Donald Trump rebukes January 6 committee and teases 2024 run

Former US President Donald Trump on Friday rebuked the committee investigating the January 6 uprising and continued to tease his plans for a third presidency.

This was his first public appearance since the committee hearings began.

Speaking to religious conservatives at a sprawling resort near the Grand Ole Opry House in Nashville, Mr Trump blasted the committee’s efforts as a “theatrical production of partisan political fiction” and insisted he did nothing wrong. has done.

“What you’re seeing is a complete and complete lie.

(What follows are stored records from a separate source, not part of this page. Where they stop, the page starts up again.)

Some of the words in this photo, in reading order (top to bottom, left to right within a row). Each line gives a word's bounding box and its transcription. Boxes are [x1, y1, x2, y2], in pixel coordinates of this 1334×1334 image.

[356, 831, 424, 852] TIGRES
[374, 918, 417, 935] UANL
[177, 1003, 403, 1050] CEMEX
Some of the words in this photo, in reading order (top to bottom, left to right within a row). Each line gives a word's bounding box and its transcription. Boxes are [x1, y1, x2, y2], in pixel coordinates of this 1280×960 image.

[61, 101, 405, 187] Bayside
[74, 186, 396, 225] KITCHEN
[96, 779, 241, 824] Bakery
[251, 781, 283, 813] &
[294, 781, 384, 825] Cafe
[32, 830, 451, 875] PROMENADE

It’s a complete and total hoax,” he told the Faith and Freedom Coalition’s Road to Majority conference.


Former President Donald Trump speaking at the Road to Majority conference on Friday (Mark Humphrey/AP)

He denied the video footage and testimony submitted by the committee – including direct accounts of senior aides and members of their own family – had been selectively edited.

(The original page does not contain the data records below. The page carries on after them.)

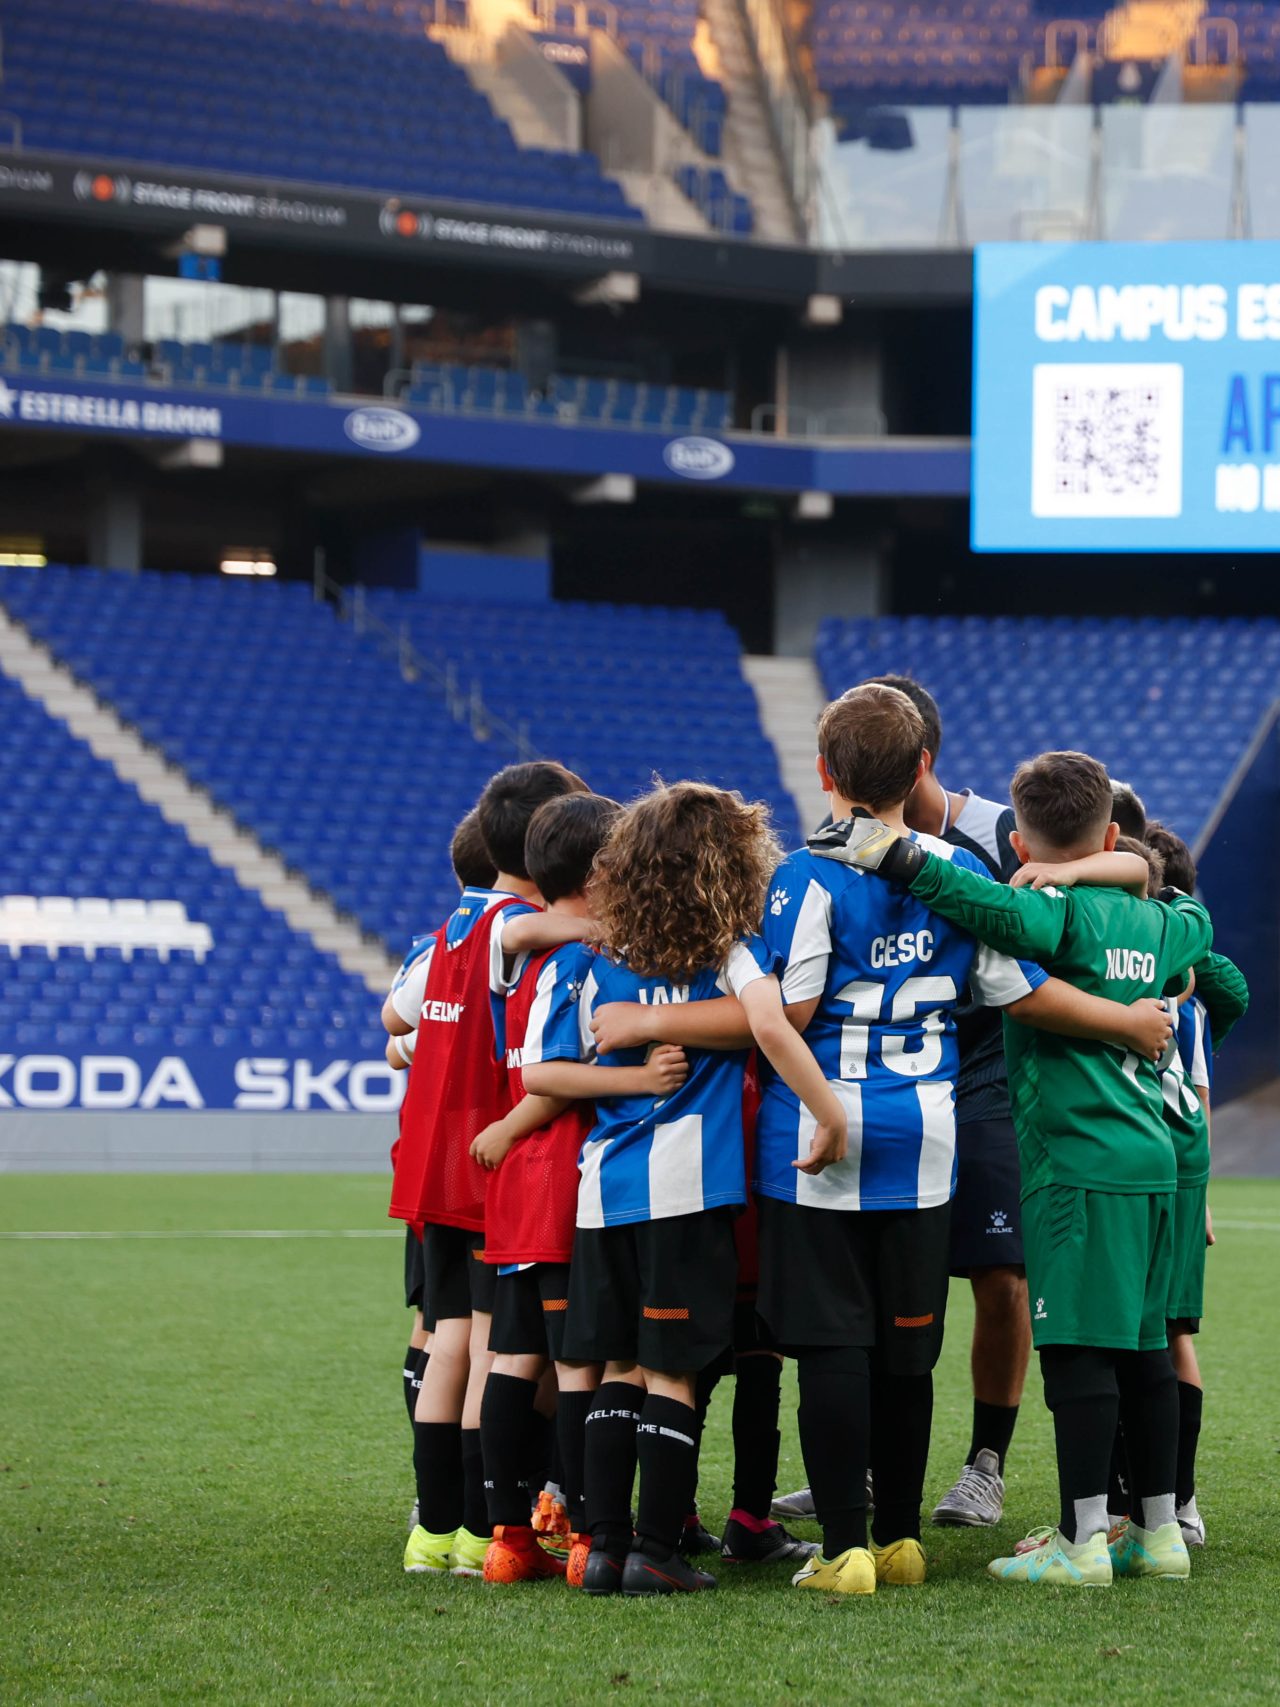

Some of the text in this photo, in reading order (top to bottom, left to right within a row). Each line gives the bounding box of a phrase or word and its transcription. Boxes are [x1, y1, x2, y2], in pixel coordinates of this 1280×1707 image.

[1034, 284, 1228, 342] CAMPUS
[19, 390, 141, 430] ESTRELLA
[871, 929, 934, 969] CESC
[421, 999, 465, 1023] KELM
[834, 976, 957, 1079] 15
[585, 1409, 632, 1424] KELME

He also underestimated the rebellion as “a simple protest that got out of hand”.

Mr Trump’s appearance at an event long known as a testing ground for presidential candidates comes as he was considering formally launching a White House campaign.

According to people familiar with the discussions, the debate has centered on whether to make a formal announcement later this summer or wait until the fall or, as is customary, after the November midterm elections.

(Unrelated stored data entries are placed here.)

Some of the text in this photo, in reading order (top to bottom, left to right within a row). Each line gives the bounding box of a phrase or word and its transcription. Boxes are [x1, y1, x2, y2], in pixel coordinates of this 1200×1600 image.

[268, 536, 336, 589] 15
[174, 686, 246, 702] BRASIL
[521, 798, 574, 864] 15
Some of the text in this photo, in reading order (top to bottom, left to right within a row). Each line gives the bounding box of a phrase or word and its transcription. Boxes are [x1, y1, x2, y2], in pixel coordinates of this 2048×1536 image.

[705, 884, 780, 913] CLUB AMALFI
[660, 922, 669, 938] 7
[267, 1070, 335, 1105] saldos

While aides insist he has not yet made a final decision about his plans, Mr Trump has been airing his intentions for months and continued to tease them on Friday.

“One of the most urgent tasks facing the next Republican president – ​​I wonder who he will be,” Trump said at one point, with a standing ovation and “USA!” indicated the mantras.

“Would anyone want me to run for president?” he asked the crowd, cheering more.

Ralph Reid, president of the Faith and Freedom Coalition, said: “We don’t know whether he will run or not, although certainly given his speech, I think he wanted to let everyone know that this is his plan.”

“I think a lot of Trump’s future plans are based directly on (Joe) Biden, and I think that as more Biden stumbles across the world stage and on the domestic stage, people are going to see the dark side of Trump’s presidency. Forget about it, said Brian Lanza, GOP strategist and former Trump campaign official.

An announcement in the near future could complicate efforts by other aspiring Republicans to run campaigns of their own. For example, former South Carolina governor Nikki Haley, who was ambassador to the United Nations under Mr Trump, has said she will not run against him.

I think a lot of Trump’s future plans are based directly on Biden, and I think the more Biden stumbles on the world stage and on the domestic stage, the more people talk about the dark side of Trump’s presidency. Forgets.Brian Lanza, GOP Strategist

And there are concerns that a near-term announcement could push the Republican Party into the final stages of a midterm congressional campaign that seems increasingly favorable.

Trump’s candidacy could unite otherwise dismayed Democratic voters, which revived the energy that eluded the party in its 2018 and 2020 campaigns.

Republicans want November’s election to be framed as a referendum on the first two years of Biden’s presidency. They don’t want anything to turn them down that path, including Mr. Trump.

Despite his decision, the aura of inevitability that Mr Trump sought to create from the moment he left the White House has been punctured. A long list of other Republicans are laying the groundwork for potential campaigns of their own and some have clarified that Trump’s candidacy will have little effect on their own decisions.


Rioters at the Capitol called for the death of then-Vice President Mike Pence (House Select Committee/AP)

They include Mr Trump’s former vice president, Mike Pence, who has been hailed by a January 6 committee as someone who put the national interest ahead of his political views.

With an eye on the White House bid, Mr. Pence is maintaining a sharp political program focused on drawing attention to Democratic weaknesses. But his challenges were relieved on Friday, as Mr Trump continued to blast him for failing to go through with his plan to reverse the results of the 2020 election.

While he denied ever calling Mr Pence a wimp, Mr Trump railed against his former deputy, saying: “Mike didn’t have the courage to act.” It drew applause from the crowd that Mr. Pence, himself an evangelical Christian, has spoken many times before.